__Goal of the exercise__. Each record should be output exactly, with every character kept.

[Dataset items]
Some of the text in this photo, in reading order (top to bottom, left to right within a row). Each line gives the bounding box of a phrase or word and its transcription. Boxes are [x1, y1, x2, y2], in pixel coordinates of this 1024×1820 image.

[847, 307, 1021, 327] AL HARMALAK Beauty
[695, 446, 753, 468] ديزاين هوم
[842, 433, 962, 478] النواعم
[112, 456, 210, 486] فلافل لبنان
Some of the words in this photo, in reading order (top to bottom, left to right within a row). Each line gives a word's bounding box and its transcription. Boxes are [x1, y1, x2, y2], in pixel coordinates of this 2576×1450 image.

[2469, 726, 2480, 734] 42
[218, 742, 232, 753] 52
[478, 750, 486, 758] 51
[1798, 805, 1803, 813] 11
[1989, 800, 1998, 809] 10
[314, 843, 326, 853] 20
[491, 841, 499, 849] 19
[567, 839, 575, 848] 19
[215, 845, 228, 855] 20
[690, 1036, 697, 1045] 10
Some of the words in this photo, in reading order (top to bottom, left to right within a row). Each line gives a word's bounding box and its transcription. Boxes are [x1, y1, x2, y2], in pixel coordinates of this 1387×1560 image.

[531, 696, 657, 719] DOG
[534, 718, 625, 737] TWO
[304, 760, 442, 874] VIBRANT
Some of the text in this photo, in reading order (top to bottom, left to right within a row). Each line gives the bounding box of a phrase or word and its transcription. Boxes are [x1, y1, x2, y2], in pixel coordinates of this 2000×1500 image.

__Output for this task__.
Some of the text in this photo, in reading order (top to bottom, left to right within a row). Each line gives the bounding box of a phrase or word and its transcription. Boxes are [x1, y1, x2, y2], in pixel coordinates of this 1024×1820 image.

[847, 307, 1021, 327] AL HARMALAK Beauty
[695, 446, 753, 468] ديزاين هوم
[842, 433, 962, 478] النواعم
[112, 456, 210, 486] فلافل لبنان
Some of the words in this photo, in reading order (top to bottom, left to right within a row). Each line gives a word's bounding box and its transcription. Boxes are [x1, y1, x2, y2], in pixel coordinates of this 2576×1450 image.

[2469, 726, 2480, 734] 42
[218, 742, 232, 753] 52
[478, 750, 486, 758] 51
[1798, 805, 1803, 813] 11
[1989, 800, 1998, 809] 10
[314, 843, 326, 853] 20
[491, 841, 499, 849] 19
[567, 839, 575, 848] 19
[215, 845, 228, 855] 20
[690, 1036, 697, 1045] 10
Some of the words in this photo, in reading order (top to bottom, left to right within a row). Each line gives a word's bounding box and its transcription. Boxes are [x1, y1, x2, y2], in pixel coordinates of this 1387×1560 image.

[531, 696, 657, 719] DOG
[534, 718, 625, 737] TWO
[304, 760, 442, 874] VIBRANT
Some of the text in this photo, in reading order (top to bottom, left to right within a row). Each line gives the bounding box of a phrase or word and its transcription. Boxes are [x1, y1, x2, y2], in pixel coordinates of this 2000×1500 image.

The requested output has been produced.